Suppose Sam Seller borrowed a hundred thousand dollars from Bank of America five years ago to buy a house, and today he needs to sell. But he’s having a hard time in this market because he has a real problem… the house is worth less than the $100,000 he borrowed. How much less? It’s only worth $90,000 today, making it “upside down” by $10,000.
But wait! Ivan Investor comes along and makes Sam an offer he can’t refuse. Ivan says he’ll buy the house for the full $100,000 Sam owes, and as you probably guessed, Sam is thrilled. The only catch? Sam must agree to sell “subject to” his existing mortgage. (More on that below…)

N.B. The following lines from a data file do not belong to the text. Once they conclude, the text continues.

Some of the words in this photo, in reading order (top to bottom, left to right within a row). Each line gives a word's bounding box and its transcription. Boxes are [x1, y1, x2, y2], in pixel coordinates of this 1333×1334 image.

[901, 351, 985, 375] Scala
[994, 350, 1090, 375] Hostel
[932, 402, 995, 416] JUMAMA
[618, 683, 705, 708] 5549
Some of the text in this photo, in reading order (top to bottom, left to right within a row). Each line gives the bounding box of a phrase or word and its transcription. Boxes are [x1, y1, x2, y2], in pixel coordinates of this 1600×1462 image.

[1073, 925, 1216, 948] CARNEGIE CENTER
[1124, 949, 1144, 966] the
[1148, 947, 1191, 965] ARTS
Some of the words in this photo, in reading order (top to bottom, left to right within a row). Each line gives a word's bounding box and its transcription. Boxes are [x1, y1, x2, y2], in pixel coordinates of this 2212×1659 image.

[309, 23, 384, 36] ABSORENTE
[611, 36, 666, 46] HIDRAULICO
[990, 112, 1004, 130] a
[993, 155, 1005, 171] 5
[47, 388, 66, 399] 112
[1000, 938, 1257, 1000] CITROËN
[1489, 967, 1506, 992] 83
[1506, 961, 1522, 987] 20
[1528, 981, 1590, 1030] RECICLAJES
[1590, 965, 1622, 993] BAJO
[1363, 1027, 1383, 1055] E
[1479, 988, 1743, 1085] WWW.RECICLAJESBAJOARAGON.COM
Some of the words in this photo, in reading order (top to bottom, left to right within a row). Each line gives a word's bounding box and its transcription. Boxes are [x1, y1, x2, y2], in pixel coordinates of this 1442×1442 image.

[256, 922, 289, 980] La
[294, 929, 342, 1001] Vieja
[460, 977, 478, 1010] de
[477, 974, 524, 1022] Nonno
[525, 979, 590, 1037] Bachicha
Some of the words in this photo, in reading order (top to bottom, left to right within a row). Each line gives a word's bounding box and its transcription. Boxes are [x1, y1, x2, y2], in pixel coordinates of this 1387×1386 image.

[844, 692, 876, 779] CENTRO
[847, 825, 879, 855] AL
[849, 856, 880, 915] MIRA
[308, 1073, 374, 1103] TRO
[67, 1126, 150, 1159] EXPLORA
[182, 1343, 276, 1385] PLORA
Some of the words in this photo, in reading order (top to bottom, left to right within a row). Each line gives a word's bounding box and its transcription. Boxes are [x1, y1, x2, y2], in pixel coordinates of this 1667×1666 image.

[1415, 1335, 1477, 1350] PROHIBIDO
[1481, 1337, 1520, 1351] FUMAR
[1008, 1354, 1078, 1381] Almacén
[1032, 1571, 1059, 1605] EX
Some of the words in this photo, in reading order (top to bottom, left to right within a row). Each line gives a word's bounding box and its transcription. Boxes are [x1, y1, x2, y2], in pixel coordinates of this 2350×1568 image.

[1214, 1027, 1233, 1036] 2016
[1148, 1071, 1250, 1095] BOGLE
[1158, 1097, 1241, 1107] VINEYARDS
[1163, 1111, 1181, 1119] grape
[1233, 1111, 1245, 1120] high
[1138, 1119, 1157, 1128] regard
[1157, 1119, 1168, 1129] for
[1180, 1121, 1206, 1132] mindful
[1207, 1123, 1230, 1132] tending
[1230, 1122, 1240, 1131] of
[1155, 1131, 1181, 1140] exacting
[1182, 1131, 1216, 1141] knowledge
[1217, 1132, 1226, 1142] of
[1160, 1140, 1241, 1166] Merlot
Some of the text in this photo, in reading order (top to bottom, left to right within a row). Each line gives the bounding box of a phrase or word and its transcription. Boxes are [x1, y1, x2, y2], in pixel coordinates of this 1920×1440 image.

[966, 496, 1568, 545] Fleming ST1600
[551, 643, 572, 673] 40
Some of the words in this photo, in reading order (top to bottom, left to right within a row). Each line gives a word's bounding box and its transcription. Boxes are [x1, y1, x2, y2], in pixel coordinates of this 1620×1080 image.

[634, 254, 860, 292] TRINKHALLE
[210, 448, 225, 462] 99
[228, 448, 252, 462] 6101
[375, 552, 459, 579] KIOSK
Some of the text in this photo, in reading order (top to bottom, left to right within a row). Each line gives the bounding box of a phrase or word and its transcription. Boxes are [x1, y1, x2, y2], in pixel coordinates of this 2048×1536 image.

Overpaying For Mortgage Assignment/Subject to Financing?
Who’d pay $100,000 for a $90,000 house? Ivan Investor would, and you’ll see why in a moment. Smart sellers know it’s a bad idea to sell your house “subject to the mortgage.” And that’s why “sub to” sellers are nearly always sellers in some form of distress. At the very least, they’re desperate to sell.
Sam Seller knows “sub to” deals are high risk and should be avoided, but he also knows he needs to get the house sold and get out from under those payments so it’s a risk he’s willing to take. So, he contracts with Ivan Investor to sell the house for the full mortgage balance and knows that from here on out, whomever Ivan sells the property to gets to make the payments.
Ivan, it turns out, never actually buys Sam’s house and has no intention of buying it. Instead, he markets it on Craigslist by advertising “No Qualifying – Take Over Payments” where Barry Buyer sees it and makes a call. Barry can’t get a loan because he’s got terrible credit. But what he does have is $10,000 in cash and that’s all it takes to qualify in Ivan Investor’s eyes. They quickly put together a deal that has Ivan agreeing to sell the house for $110,000 with Barry agreeing to buy it at that price, paying $10,000 down and taking over payments on the $100,000 loan. That price is $10,000 more than what’s owed to Bank of America and $20,000 more than the house is worth, but it’s the only way Barry can get into a house with his poor credit.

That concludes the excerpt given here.